Ryan is an executive at a small, but well-known legal technology company. Prior to his jump to the vendor side, he served for 3 years as Legal Technology Innovation Architect at Norton Rose Fulbright, running Technology Innovation projects around the world. His sense of humor and remarkable tolerance for verbal and psychological abuse has gotten him through more than 15 years in Legal Technology. In 2015, McClead was named a FastCase 50 recipient, and in 2018, he was elected a Fellow in the College of Law Practice Management. In past lives, he was a Knowledge Manager, a Systems Analyst, an “IT Guy”, a Fashion Merchandiser and Theater Composer.

  • I am hooked on this series Ryan!

    I see client-centric legal services in a slightly different way – more from a Service Design perspective (and one day I'll write about how that applies to legal ;)), but agree that a heavy dose of user-centred thinking could lead to competitive advantage for bigger firms that struggle with thinking about the client experience on a matter-by-matter basis.

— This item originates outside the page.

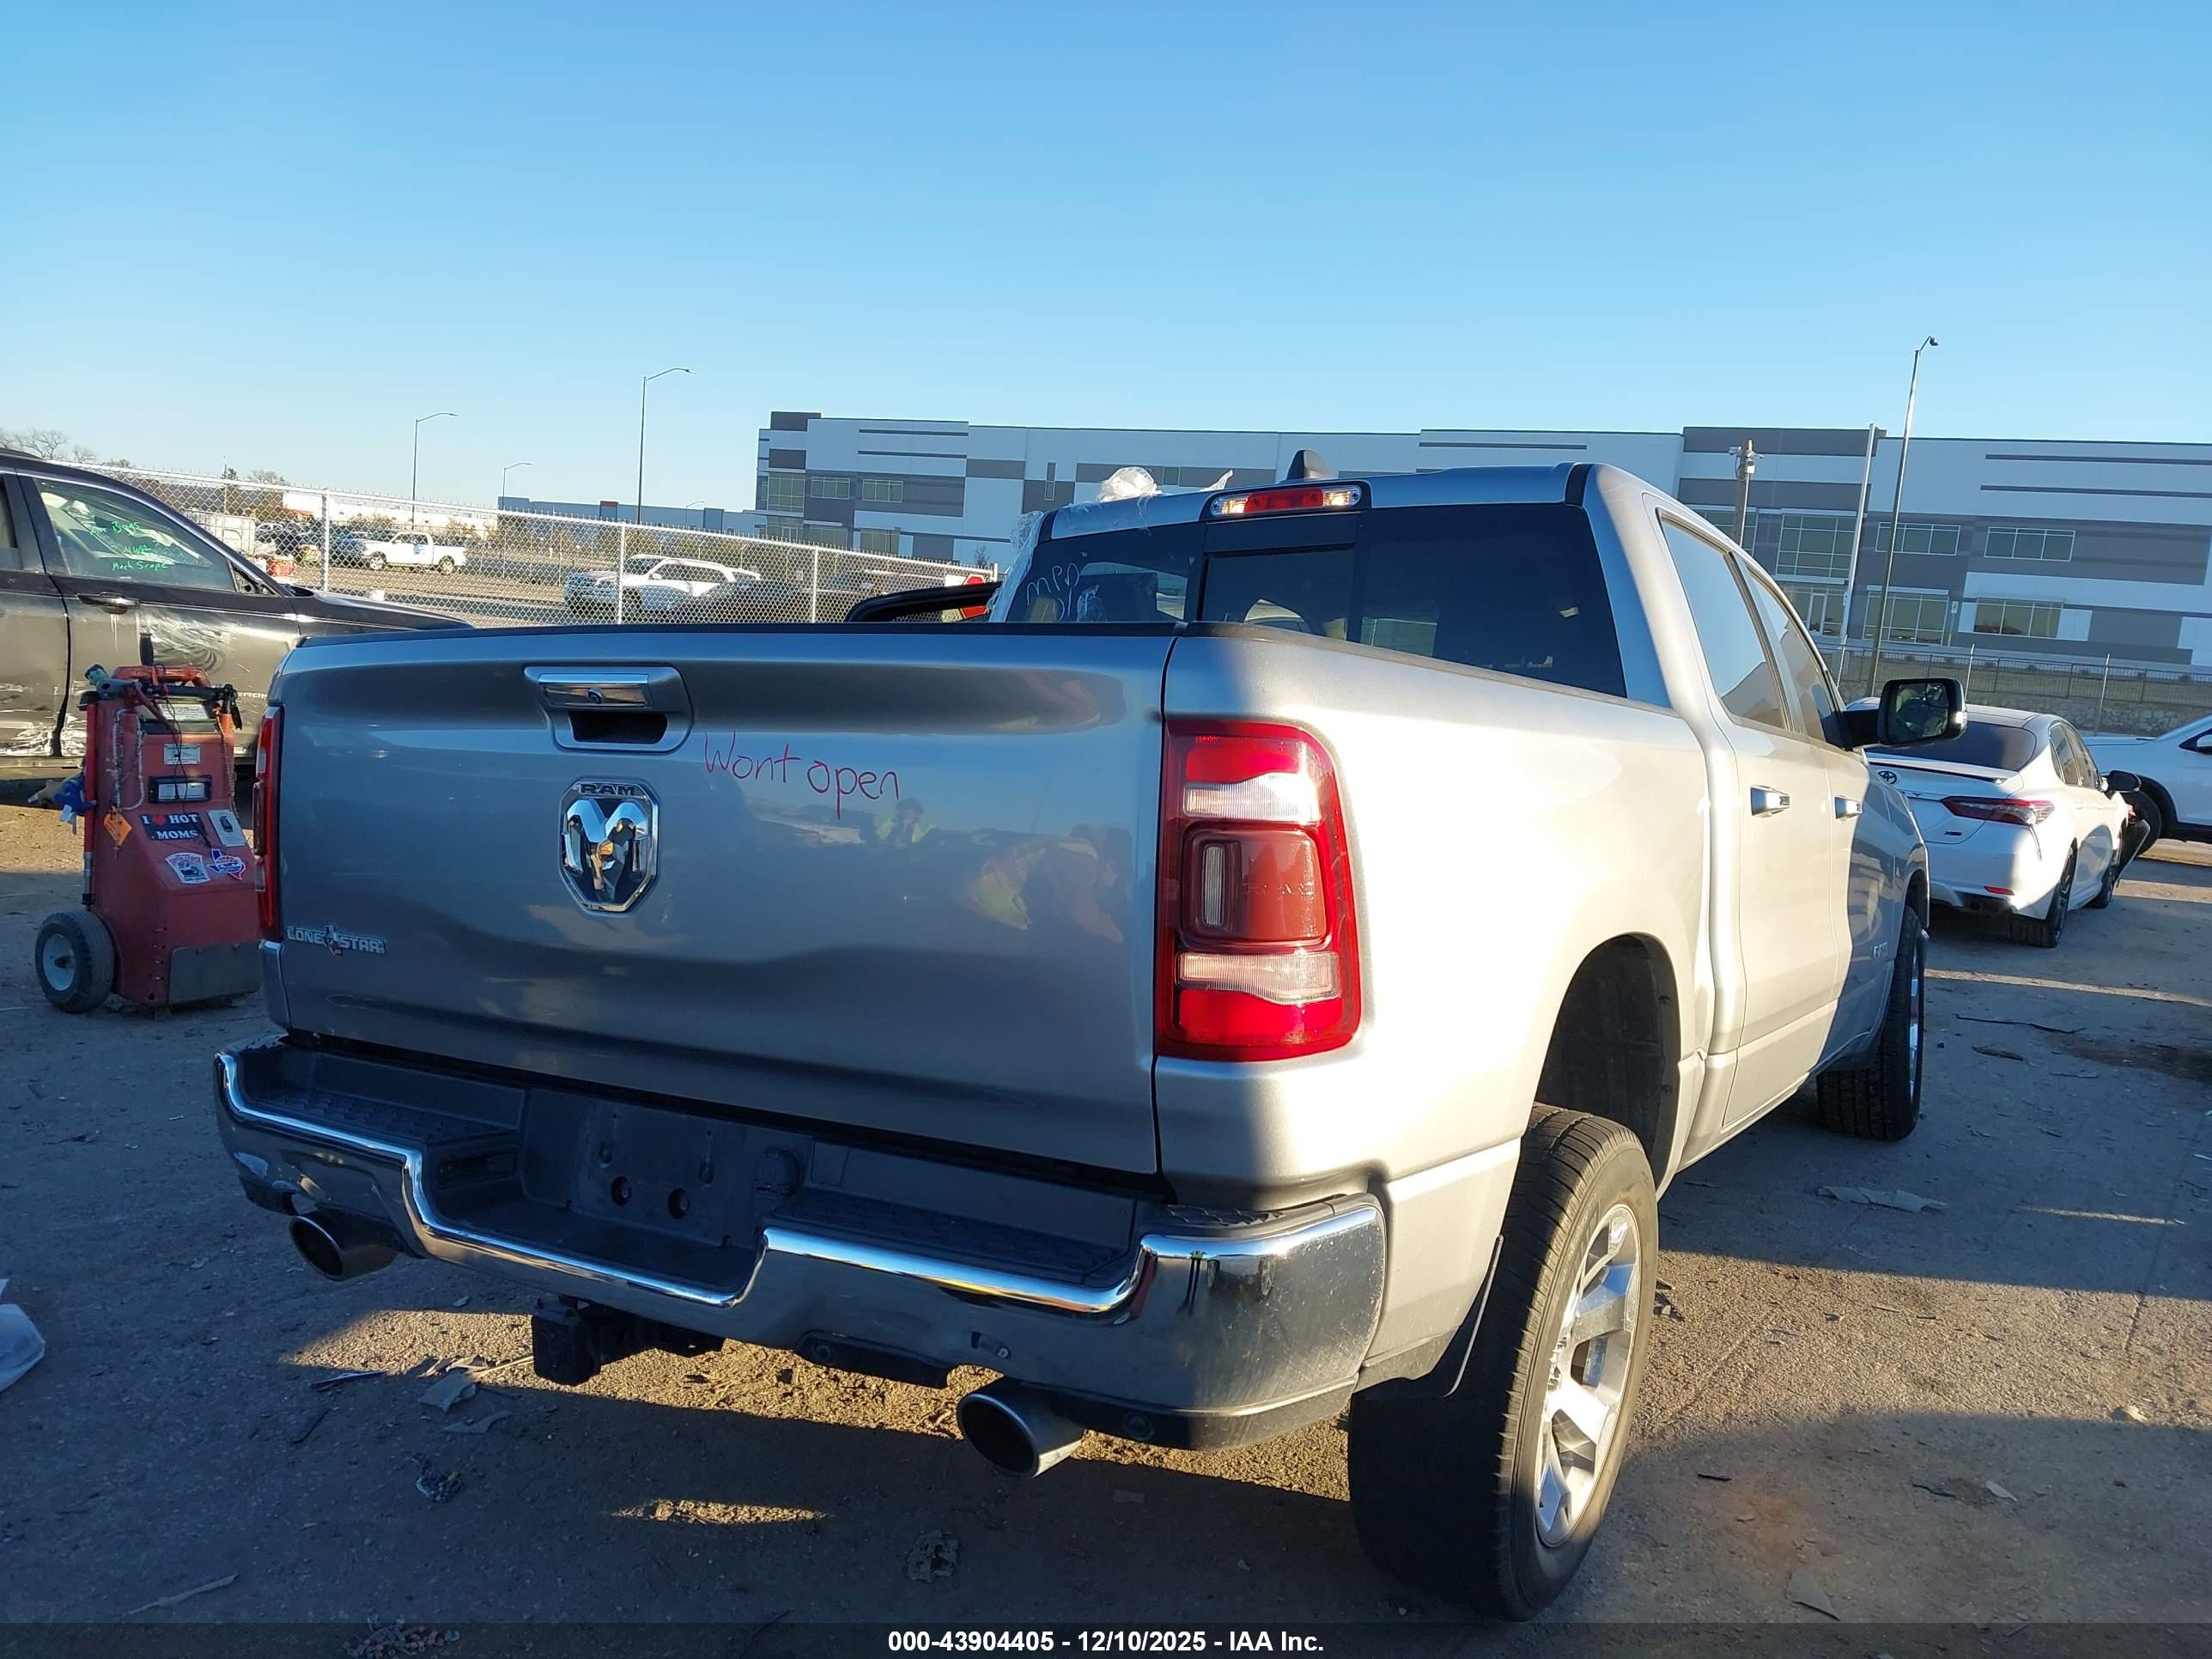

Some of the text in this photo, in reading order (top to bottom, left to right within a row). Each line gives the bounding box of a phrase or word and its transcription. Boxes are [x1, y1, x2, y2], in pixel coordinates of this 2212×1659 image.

    Particularly if you compare the much larger firms with smaller firms which, almost by virtue of their size, are able to deliver by default more client-centric services. (In your analogy: compare an experience with say, an alternative health practitioner and being admitted to hospital for a surgical procedure.)

    Anyway – thanks for an inspiring narrative!


  • Great topic.. Being a Dallas Personal Injury Attorney, as per client payment I don't really pitch payment not until my client gets his compensation.. Of course I get a little percentage that my client get.